I will finally hold my baby girl again (my dog) and get puppy kisses that i have missed so much. I have missed Kali so much since I’ve moved, I mean I can Skype mom and dad, but Kali hates Skype. I’m so excited to finally see her tonight. And I get to see my new house as my parents moved while I’ve been away. I guess I’ll have to write about those experiences after they happen.
This past bank holiday weekend was actually much better than I thought it would be. Liam and I went to Cambridge and then to Oxford. We went punting in Cambridge, it was so nice, we had a nice sunny day. When we went out for dinner we went to this pub that served thai food, it was so good! We stayed the night in Cambridge at this place that was almost like a bedroom in a house, it was nice though.
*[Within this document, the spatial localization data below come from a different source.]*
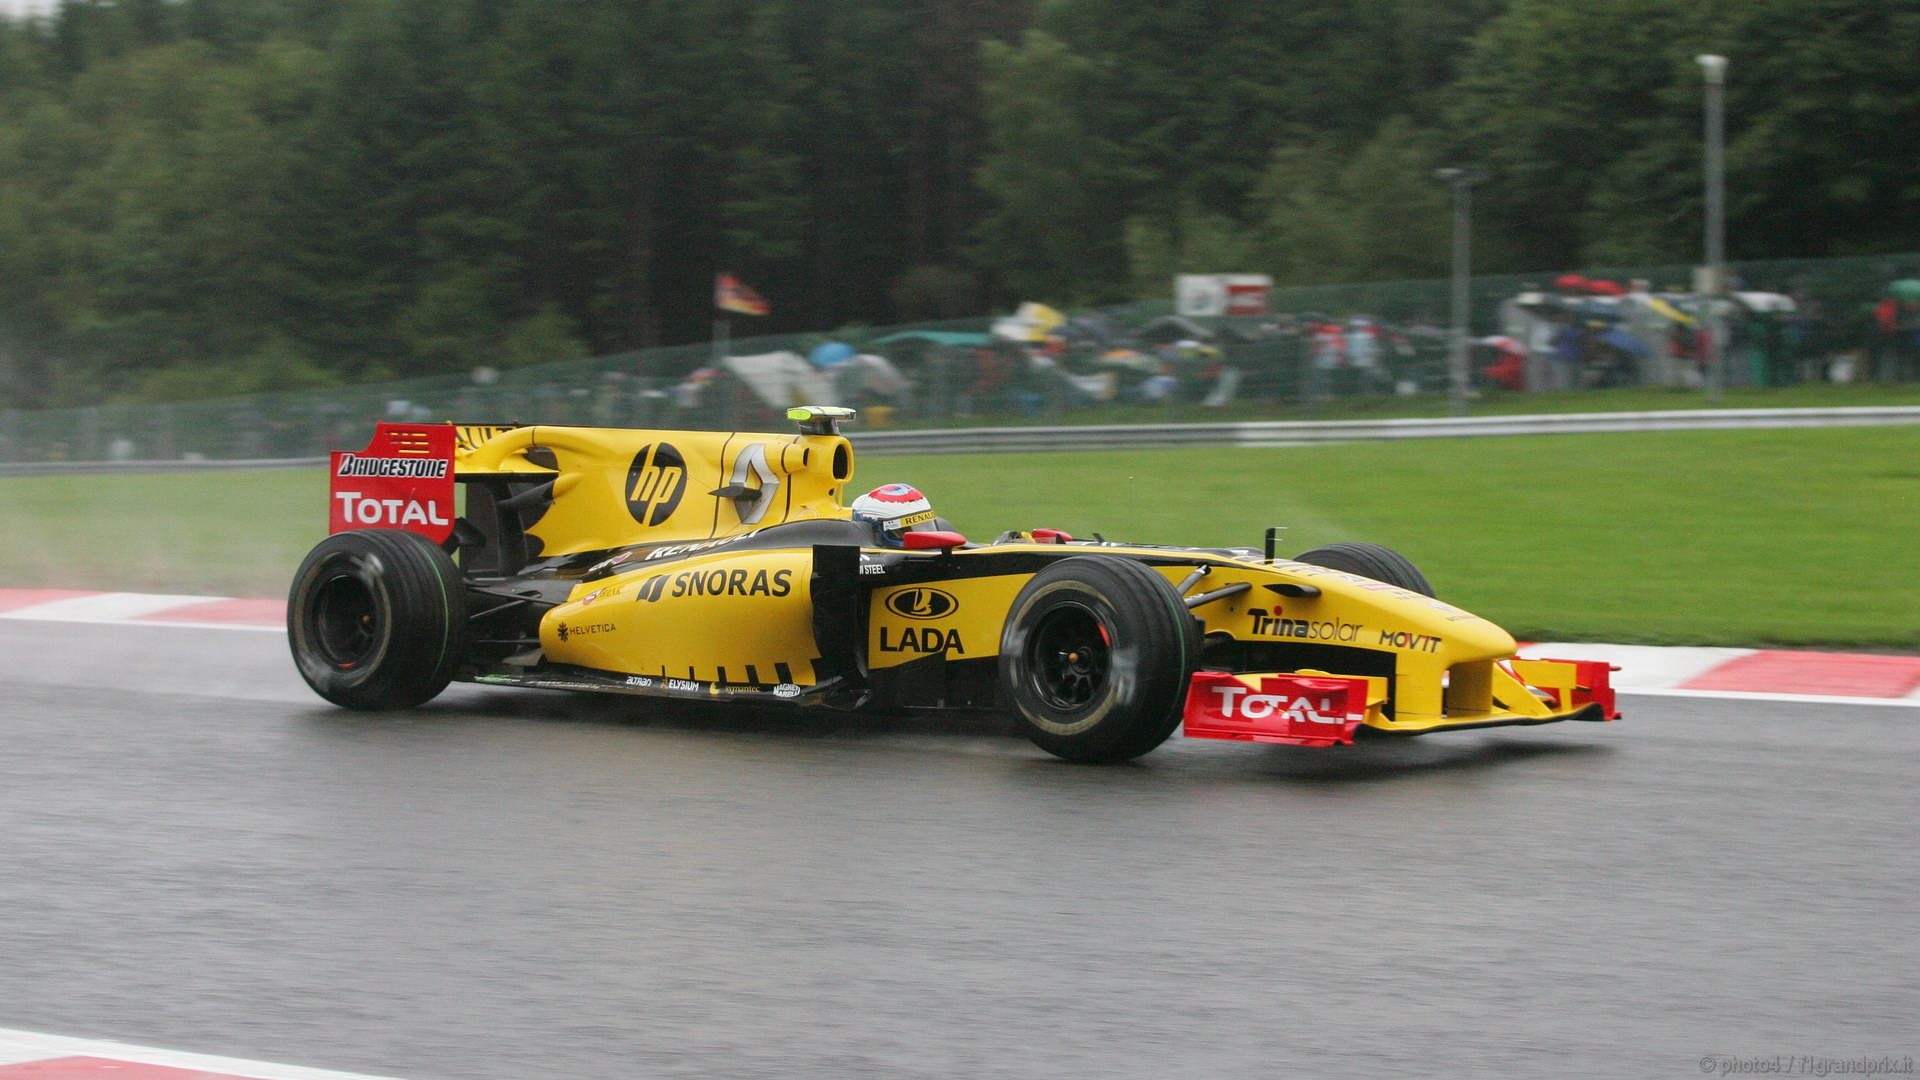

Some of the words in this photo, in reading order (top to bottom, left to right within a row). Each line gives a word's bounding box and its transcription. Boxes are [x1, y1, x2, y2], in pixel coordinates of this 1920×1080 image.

[337, 453, 449, 478] BRIDGESTONE
[335, 492, 449, 526] TOTAL
[671, 568, 793, 598] SNORAS
[864, 564, 886, 575] STEEL
[569, 622, 617, 636] HELVETICA
[1246, 605, 1364, 643] Trinasolar
[879, 626, 965, 654] LADA
[668, 679, 700, 692] ELYSIUM
[1211, 685, 1364, 725] TOTAL
When we were in bed together he was very snuggly which I love because its a good sign that he’s comfortable with me and wants to be close to me. He just curls up with me whereever we are, in bed, on the couch, on the train, its pretty cute.
On Monday we went back through London Paddington to Oxford and it was awesome. We really didn’t actually see much but I still really enjoyed it. On the train back to London we had a chat and I still ended up teary eyed but not in a bad way, its only because I love him.
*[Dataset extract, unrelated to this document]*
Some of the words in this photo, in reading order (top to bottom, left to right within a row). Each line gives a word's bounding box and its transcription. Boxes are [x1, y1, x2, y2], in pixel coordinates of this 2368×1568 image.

Regardless of it all, all the relationship stuff, I love him because of who he is, the kind of person he is. He made me tell him again why I like him so much and what makes him so special. He said “I don’t know why you like me so much” and I replied with “neither do I” in a very convincing tone, and the look on his face and the reaction he gave me was priceless. He looked almost hurt but obviously I was kidding. I find it so strange that when I act like I don’t care it seems to affect him, even though there is no real reason he should be phased by my pasiveness. But I think deep down he enjoys the fact that I like him as much as I do.
I think we are starting to see different sides of each other, at dinner in Oxford we were talking about being parents one day and he told me that he thinks I will make a good mom and that he might never be a dad. I fee like we are better suited than he can see. It totally sucks being all in when they aren’t, but you can’t chase people, you shouldn’t beg for someones time or attention, it should be given freely. Begging leaves a bad precedent.
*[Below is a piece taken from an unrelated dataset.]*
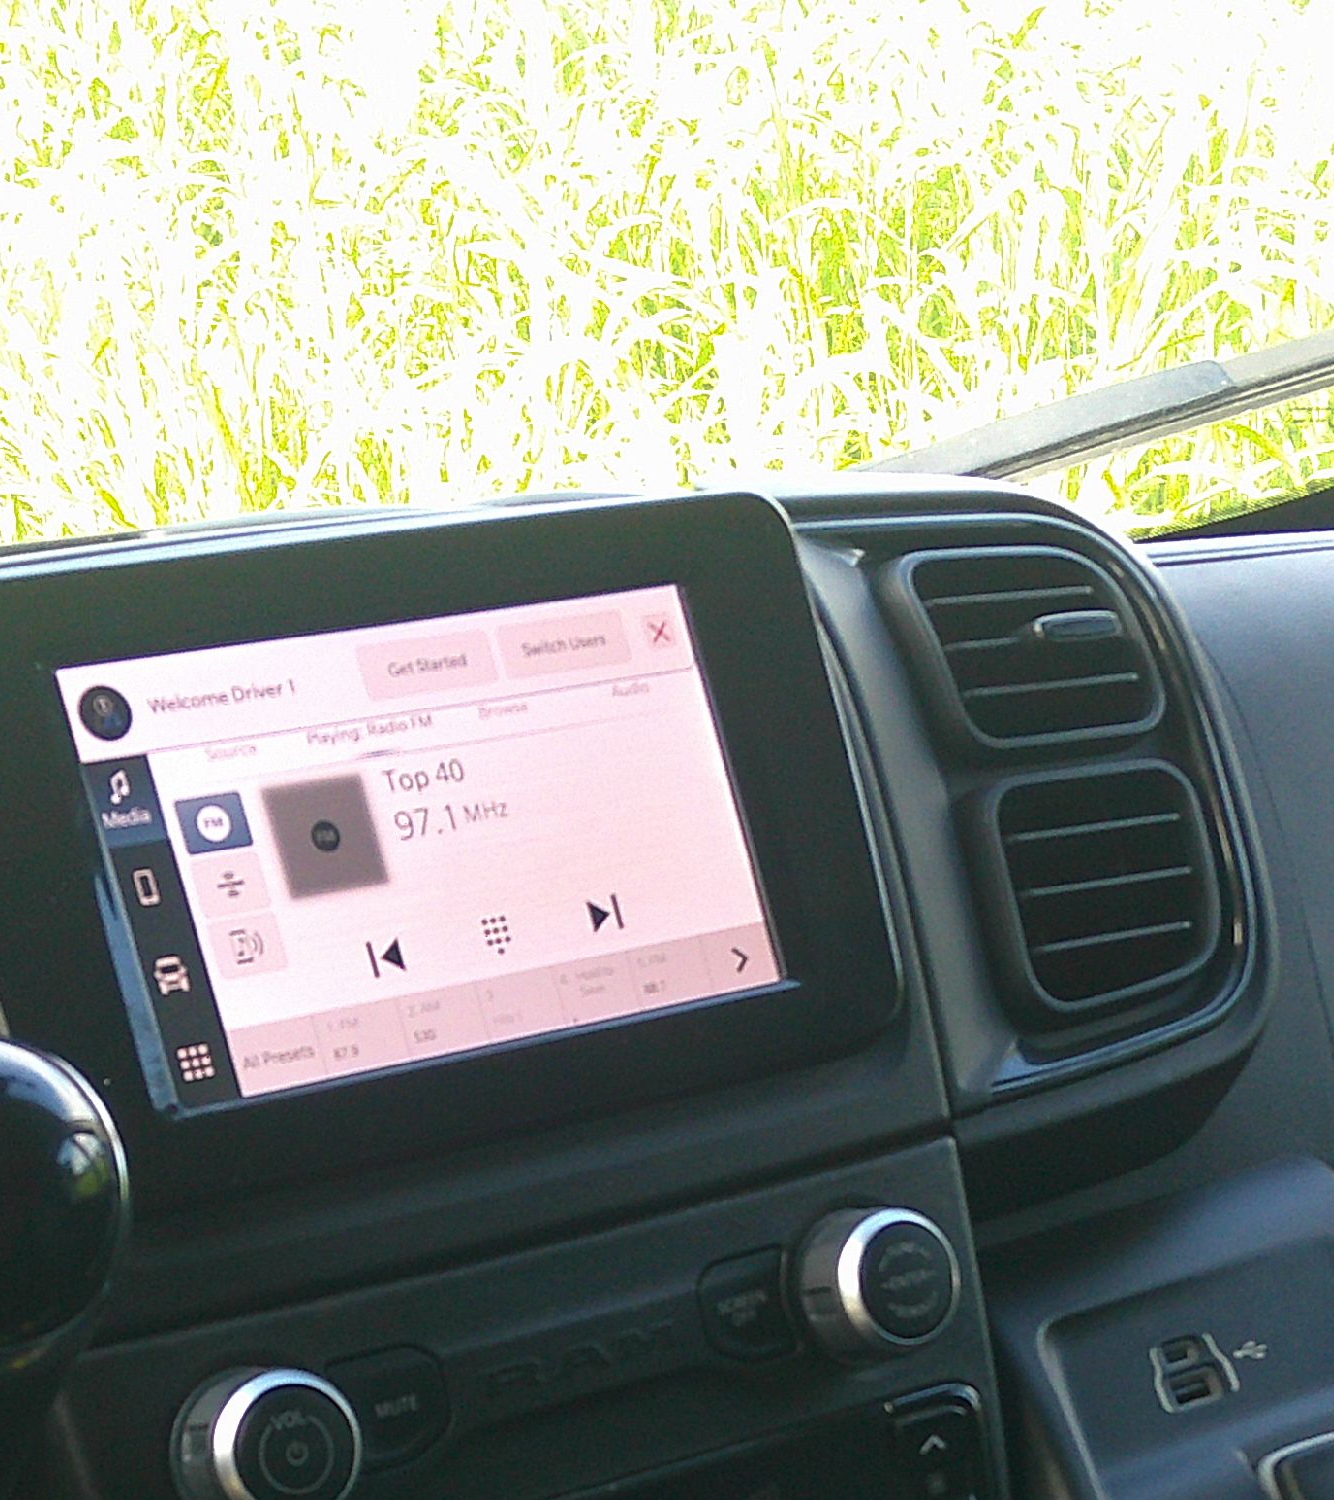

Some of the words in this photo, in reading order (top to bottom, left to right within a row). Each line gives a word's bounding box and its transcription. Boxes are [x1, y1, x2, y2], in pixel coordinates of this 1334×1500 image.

He gives me time and attention though… more that I ever expected to get. I honestly feel so lucky to have him in my life. he doesn’t have to love me, he just needs to be my friend. I have a man who fits what i want and he is best friend material too, or as he said once he gets his own “Liam box” because he said that I get my own “Hailey box” haha.
He fits into my life seamlessly and I have been able to show him every side of myself beause I can trust him, probably more than he trusts me but still, I can be vulnerable and honest with him. He will help me celebrate my successes and be a shoulder when my life is falling apart and that’s why I love him so much.